Tauseef Khan, a senior researcher on the study and a research associate in nutritional sciences at University of Toronto’s Temerty Faculty of Medicine, said: “These results are surprising, because honey is about 80 per cent sugar. But honey is also a complex composition of common and rare sugars, proteins, organic acids and other bioactive compounds that very likely have health benefits.”

Research has previously shown that honey can enhance cardiometabolic health. However, this research conducted by University of Toronto researchers is the most thorough and extensive review of clinical trials and the most detailed in regards to data on processing and floral source.

John Sievenpiper, principal investigator, associate professor of nutritional sciences and medicine at University of Toronto and clinician-scientist at Unity Health Toronto, explained: “The word among public health and nutrition experts has long been that ‘a sugar is a sugar’. These results show that’s not the case, and they should give pause to the designation of honey as a free or added sugar in dietary guidelines.”

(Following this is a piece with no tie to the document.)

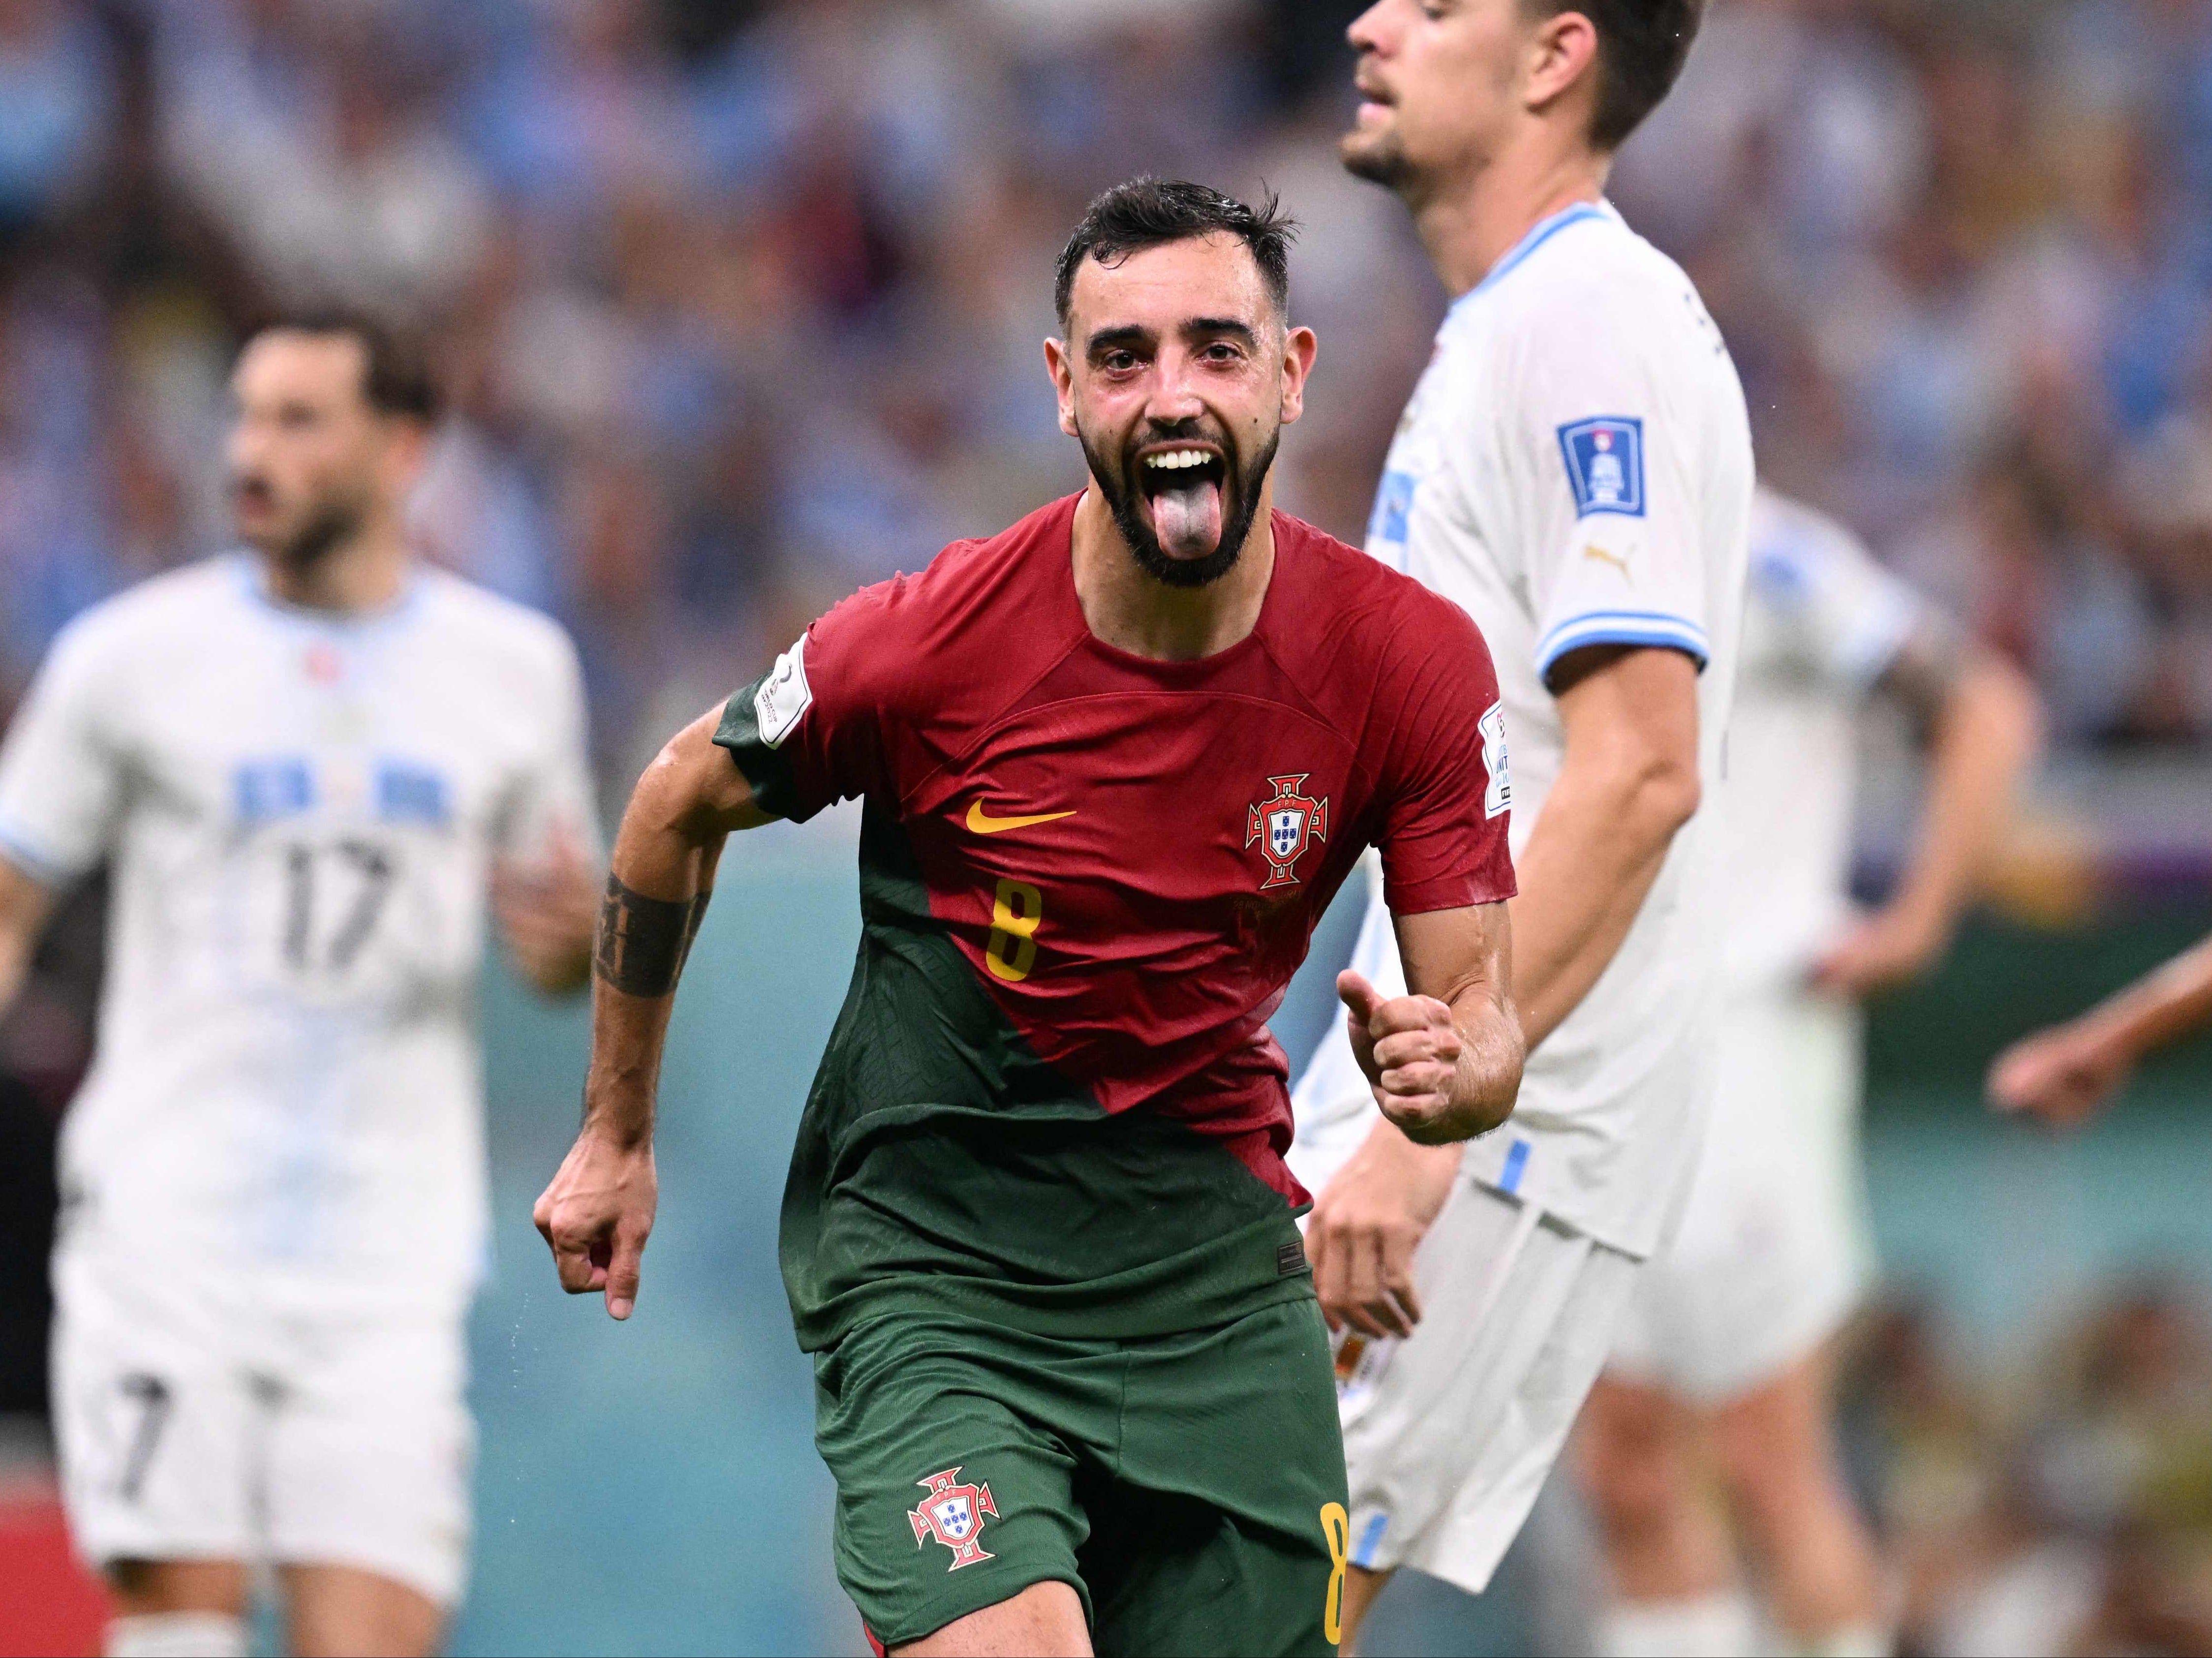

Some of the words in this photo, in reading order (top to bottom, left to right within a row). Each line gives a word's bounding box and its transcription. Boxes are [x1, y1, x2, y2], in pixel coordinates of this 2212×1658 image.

The researchers highlighted that the context of the results was vital. They evaluated 18 clinical controlled trials which involved over 1,100 individuals who adhered to healthy diets, with added sugars making up only 10 per cent or less of their calorie intake every day.

Khan added: “We’re not saying you should start having honey if you currently avoid sugar. The takeaway is more about replacement – if you’re using table sugar, syrup or another sweetener, switching those sugars for honey might lower cardiometabolic risks.”

Results demonstrate that neutral or beneficial effects were repeatedly produced by consuming honey, depending on its processing, floral source and quantity. The average trial length was eight weeks, with an average honey dose of 40 grams per day, approximately two tablespoons.

The study stated: “Honey, especially robinia, clover, and unprocessed raw honey, may improve glycemic control and lipid levels when consumed within a healthy dietary pattern.”

According to Khan, further research should concentrate on unprocessed honey derived from a single floral source. These studies will result in improved quality of evidence and an improved comprehension of the numerous compounds in honey that can benefit health.

He added: “We need a consistent product that can deliver consistent health benefits. Then the market will follow.”

The study concluded: “More studies focusing on the floral source and the processing of honey are required to increase certainty of the evidence.”

The research was published in the journal Nutrition Reviews.